Task statement: Could you give the data below again exactly, apart from the pictures?
.....
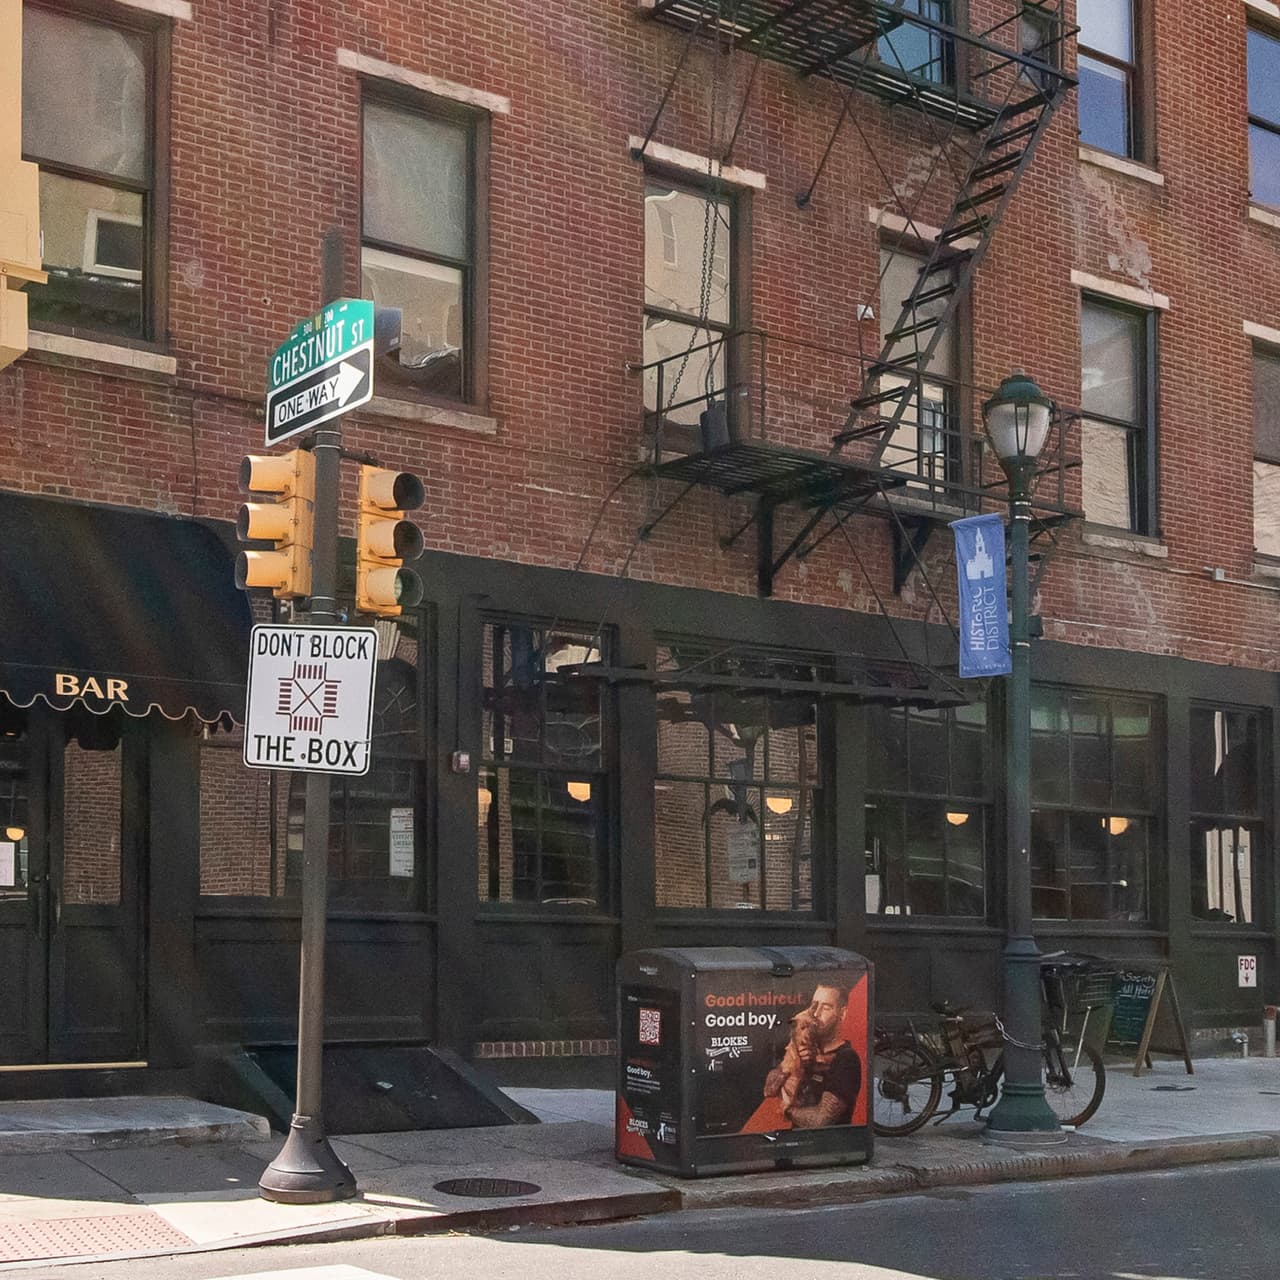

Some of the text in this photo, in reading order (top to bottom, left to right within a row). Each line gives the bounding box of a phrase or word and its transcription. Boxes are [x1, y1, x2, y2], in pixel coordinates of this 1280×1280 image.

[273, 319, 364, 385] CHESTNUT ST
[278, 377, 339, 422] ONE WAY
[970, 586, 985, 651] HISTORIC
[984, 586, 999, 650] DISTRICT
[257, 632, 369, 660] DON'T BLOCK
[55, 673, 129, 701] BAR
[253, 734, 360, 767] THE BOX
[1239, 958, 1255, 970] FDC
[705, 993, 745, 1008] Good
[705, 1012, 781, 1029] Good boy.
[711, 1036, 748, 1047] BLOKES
.....
Answer to the problem:
Some of the text in this photo, in reading order (top to bottom, left to right within a row). Each line gives the bounding box of a phrase or word and its transcription. Boxes are [x1, y1, x2, y2], in pixel coordinates of this 1280×1280 image.

[273, 319, 364, 385] CHESTNUT ST
[278, 377, 339, 422] ONE WAY
[970, 586, 985, 651] HISTORIC
[984, 586, 999, 650] DISTRICT
[257, 632, 369, 660] DON'T BLOCK
[55, 673, 129, 701] BAR
[253, 734, 360, 767] THE BOX
[1239, 958, 1255, 970] FDC
[705, 993, 745, 1008] Good
[705, 1012, 781, 1029] Good boy.
[711, 1036, 748, 1047] BLOKES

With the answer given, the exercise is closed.